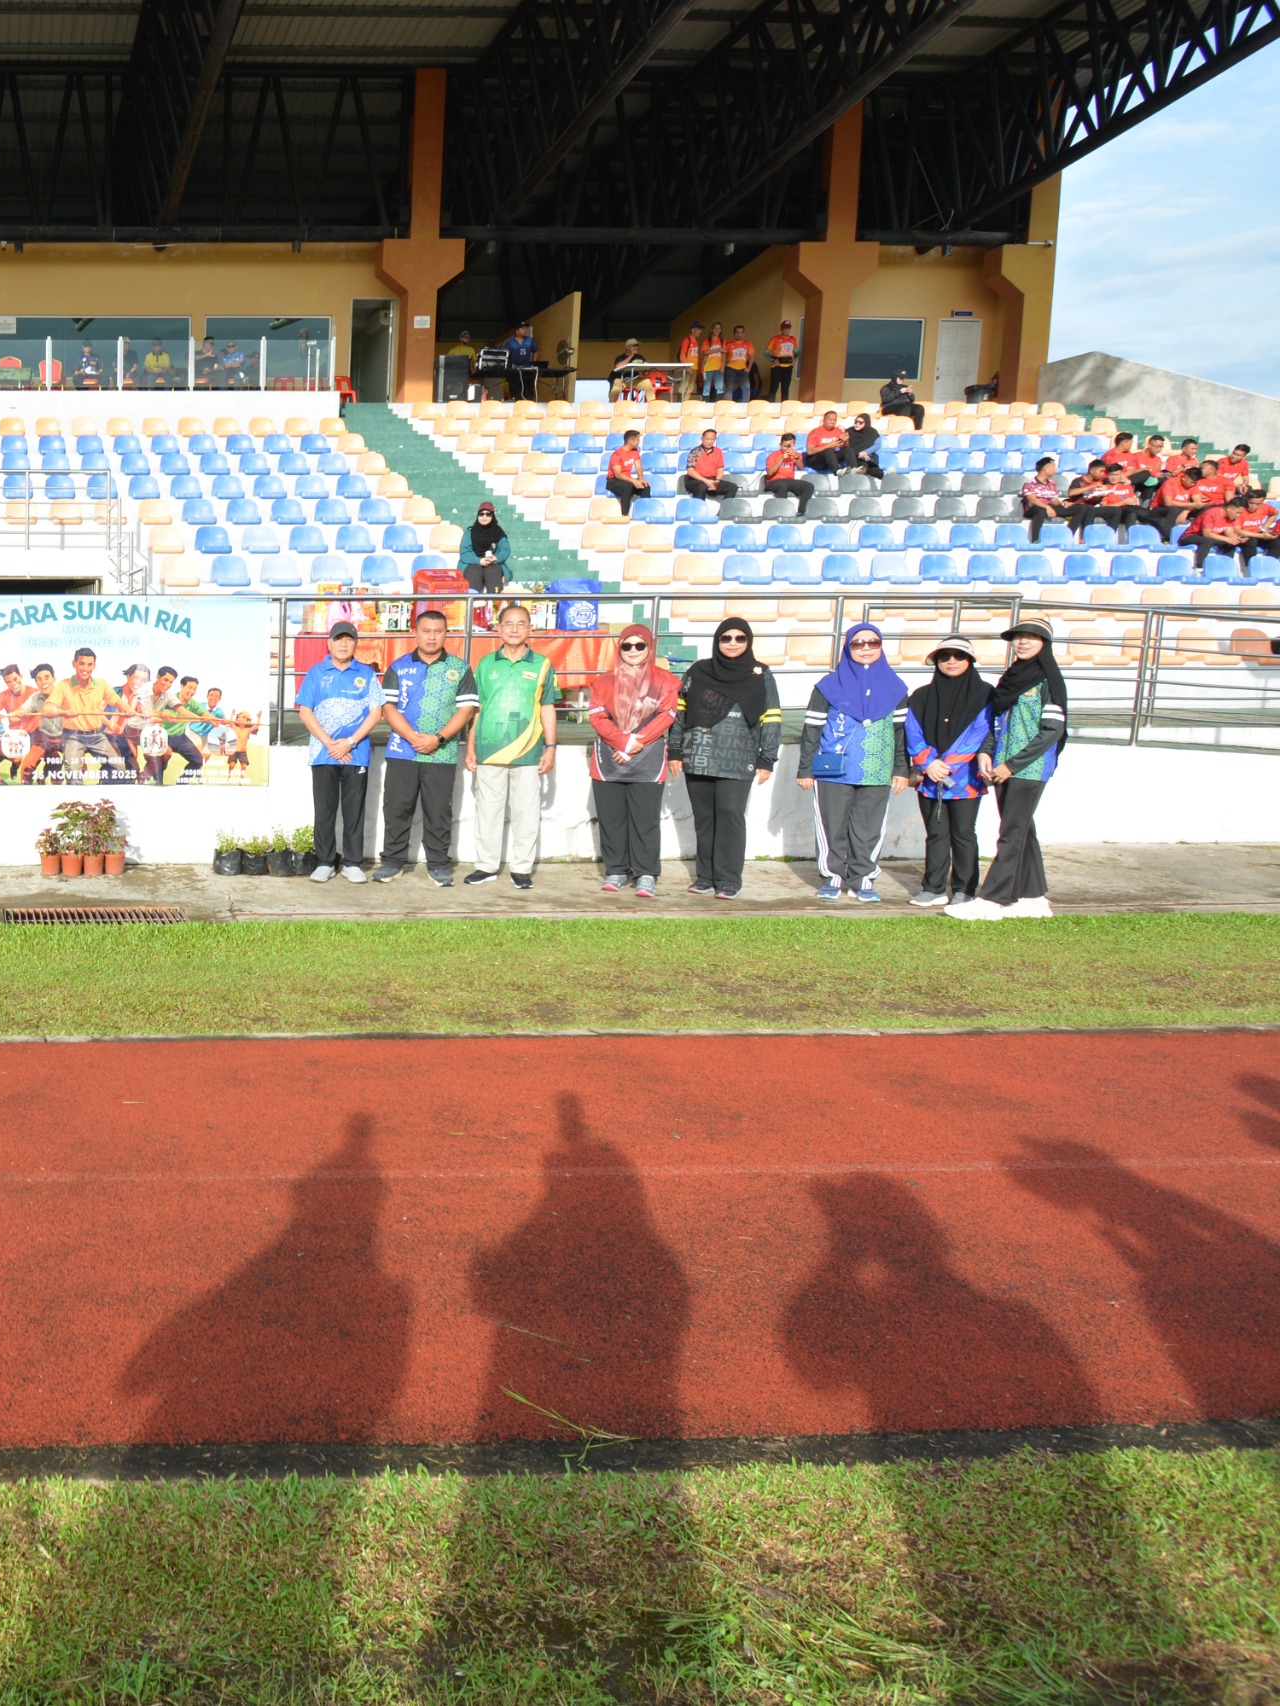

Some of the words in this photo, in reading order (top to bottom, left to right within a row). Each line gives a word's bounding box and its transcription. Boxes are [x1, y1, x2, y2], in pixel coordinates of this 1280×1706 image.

[63, 600, 150, 625] SUKAN
[154, 609, 192, 639] RIA
[62, 623, 106, 635] MUKIM
[21, 636, 62, 648] PEKAN
[65, 636, 115, 648] TUTONG
[47, 769, 109, 780] NOVEMBER
[111, 769, 137, 780] 2025
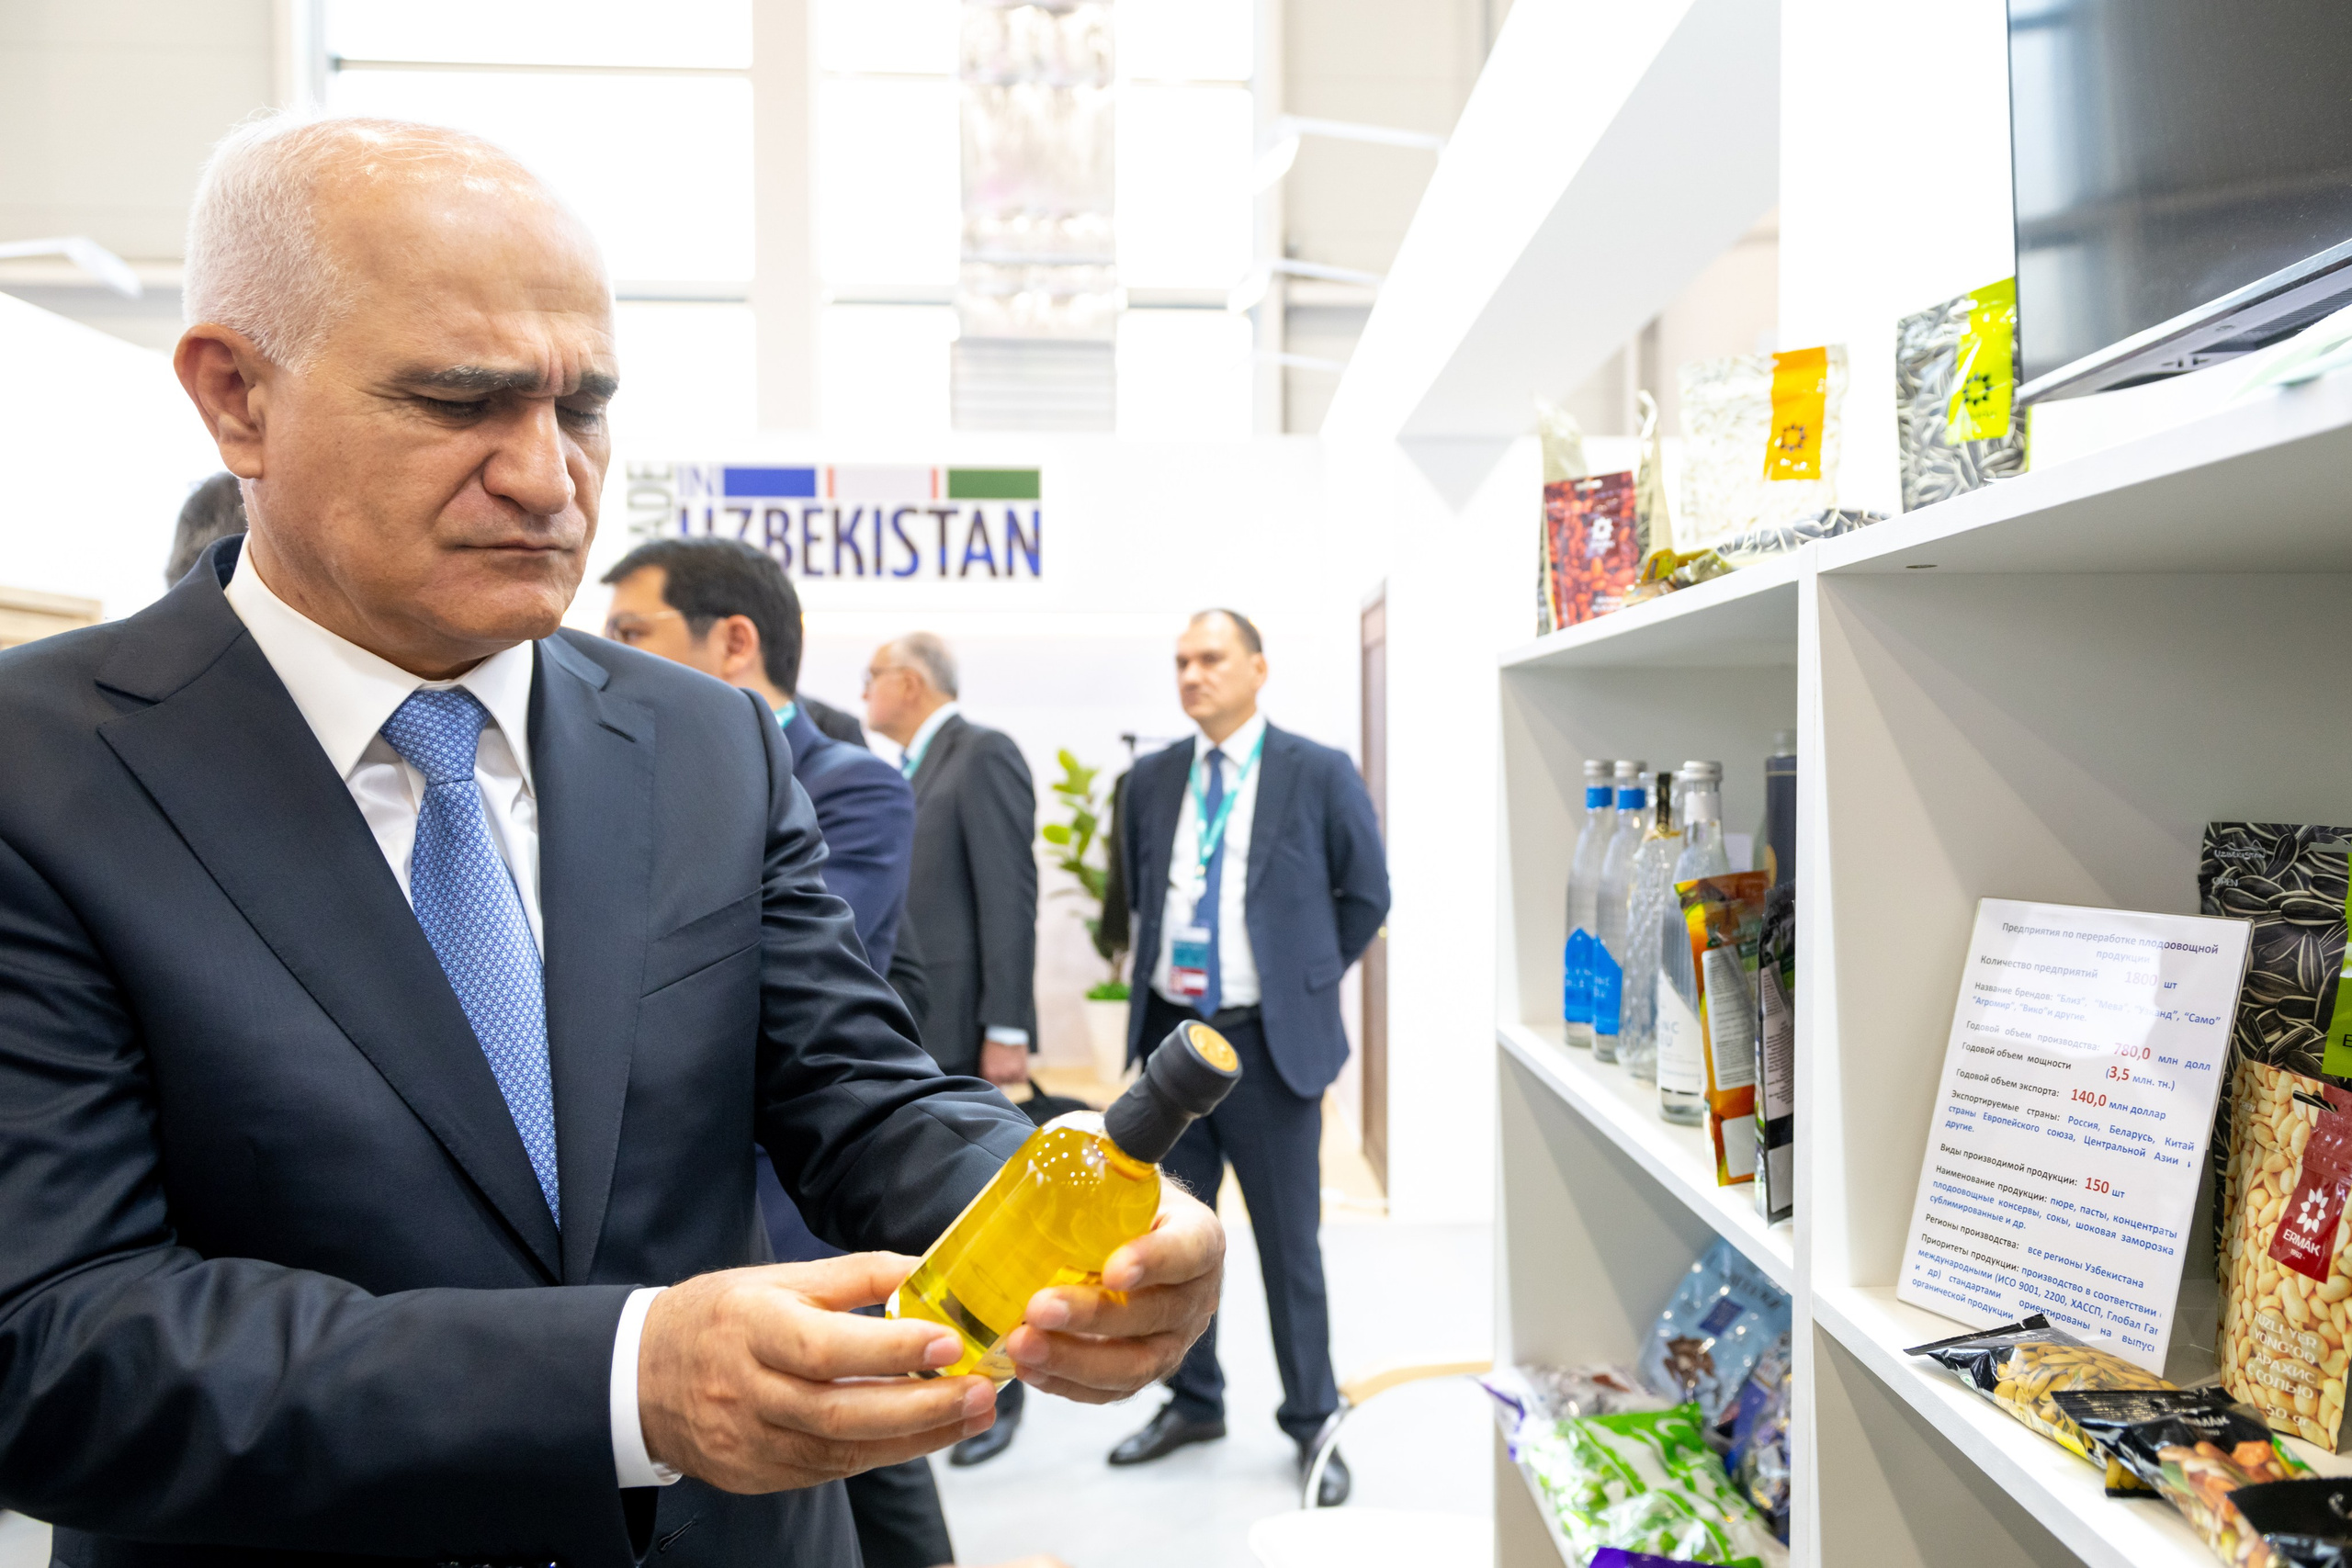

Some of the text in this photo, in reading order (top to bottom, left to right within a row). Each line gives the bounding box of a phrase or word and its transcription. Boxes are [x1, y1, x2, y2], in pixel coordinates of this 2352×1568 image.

[2211, 876, 2239, 887] OPEN
[2002, 922, 2219, 954] Предприятия по переработке плодоовощной
[2096, 951, 2150, 964] продукции
[1974, 982, 2012, 995] Название
[2014, 987, 2052, 1000] брендов:
[1980, 954, 2177, 989] Количество предприятий 1800 шт
[2053, 1010, 2086, 1021] другие.
[1962, 1042, 2176, 1091] Годовой объем мощности (3,5 млн. тн.)
[1966, 1021, 2211, 1073] Годовой объем производства: 780,0 млн долл
[1956, 1068, 2166, 1121] Годовой объем экспорта: 140,0 млн доллар
[1945, 1120, 1974, 1133] другие.
[1948, 1106, 1976, 1118] страны
[1983, 1111, 2040, 1133] Европейского
[2047, 1129, 2075, 1143] союза,
[2084, 1135, 2146, 1157] Центральной
[2154, 1152, 2179, 1165] Азии
[1951, 1089, 2195, 1151] Экспортируемые страны: Россия, Беларусь, Китай
[1940, 1143, 2125, 1199] Виды производимой продукции: 150 шт
[1929, 1195, 2004, 1223] сублимированные
[2012, 1220, 2026, 1230] др.
[1933, 1180, 1995, 1204] плодоовощные
[1998, 1200, 2041, 1219] консервы,
[2075, 1222, 2117, 1239] шоковая
[2120, 1235, 2174, 1256] заморозка
[1936, 1165, 2177, 1239] Наименование продукции: пюре, пасты, концентраты
[1925, 1213, 2143, 1289] Регионы производства: все регионы Узбекистана
[1917, 1249, 2158, 1336] международными (ИСО 9001, 2200, ХАССП, Глобал Га
[1921, 1233, 1969, 1256] Приоритеты
[1971, 1251, 2019, 1272] продукции:
[2021, 1268, 2084, 1292] производство
[2093, 1291, 2157, 1317] соответствии
[1912, 1279, 2013, 1319] органической продукции
[1927, 1269, 1941, 1280] др)
[1949, 1276, 2001, 1299] стандартами
[2018, 1299, 2090, 1329] ориентированы
[2100, 1327, 2112, 1337] на
[2255, 1311, 2317, 1348] TUZLI YER
[2256, 1352, 2315, 1383] АРАХИС
[2256, 1369, 2313, 1399] СОЛЬЮ
[2266, 1404, 2288, 1419] 50

__________

*WHAT THIS TASK INVOLVES:*
Drop the pictures and reproduce the rest of the data exactly.

*WRITTEN ANSWER:*
Some of the words in this photo, in reading order (top to bottom, left to right within a row). Each line gives a word's bounding box and its transcription. Boxes are [x1, y1, x2, y2], in pixel coordinates of this 1280×1706 image.

[63, 600, 150, 625] SUKAN
[154, 609, 192, 639] RIA
[62, 623, 106, 635] MUKIM
[21, 636, 62, 648] PEKAN
[65, 636, 115, 648] TUTONG
[47, 769, 109, 780] NOVEMBER
[111, 769, 137, 780] 2025

Some of the text in this photo, in reading order (top to bottom, left to right within a row). Each line gives the bounding box of a phrase or word and its transcription. Boxes are [x1, y1, x2, y2], in pixel coordinates of this 2352×1568 image.

[2211, 876, 2239, 887] OPEN
[2002, 922, 2219, 954] Предприятия по переработке плодоовощной
[2096, 951, 2150, 964] продукции
[1974, 982, 2012, 995] Название
[2014, 987, 2052, 1000] брендов:
[1980, 954, 2177, 989] Количество предприятий 1800 шт
[2053, 1010, 2086, 1021] другие.
[1962, 1042, 2176, 1091] Годовой объем мощности (3,5 млн. тн.)
[1966, 1021, 2211, 1073] Годовой объем производства: 780,0 млн долл
[1956, 1068, 2166, 1121] Годовой объем экспорта: 140,0 млн доллар
[1945, 1120, 1974, 1133] другие.
[1948, 1106, 1976, 1118] страны
[1983, 1111, 2040, 1133] Европейского
[2047, 1129, 2075, 1143] союза,
[2084, 1135, 2146, 1157] Центральной
[2154, 1152, 2179, 1165] Азии
[1951, 1089, 2195, 1151] Экспортируемые страны: Россия, Беларусь, Китай
[1940, 1143, 2125, 1199] Виды производимой продукции: 150 шт
[1929, 1195, 2004, 1223] сублимированные
[2012, 1220, 2026, 1230] др.
[1933, 1180, 1995, 1204] плодоовощные
[1998, 1200, 2041, 1219] консервы,
[2075, 1222, 2117, 1239] шоковая
[2120, 1235, 2174, 1256] заморозка
[1936, 1165, 2177, 1239] Наименование продукции: пюре, пасты, концентраты
[1925, 1213, 2143, 1289] Регионы производства: все регионы Узбекистана
[1917, 1249, 2158, 1336] международными (ИСО 9001, 2200, ХАССП, Глобал Га
[1921, 1233, 1969, 1256] Приоритеты
[1971, 1251, 2019, 1272] продукции:
[2021, 1268, 2084, 1292] производство
[2093, 1291, 2157, 1317] соответствии
[1912, 1279, 2013, 1319] органической продукции
[1927, 1269, 1941, 1280] др)
[1949, 1276, 2001, 1299] стандартами
[2018, 1299, 2090, 1329] ориентированы
[2100, 1327, 2112, 1337] на
[2255, 1311, 2317, 1348] TUZLI YER
[2256, 1352, 2315, 1383] АРАХИС
[2256, 1369, 2313, 1399] СОЛЬЮ
[2266, 1404, 2288, 1419] 50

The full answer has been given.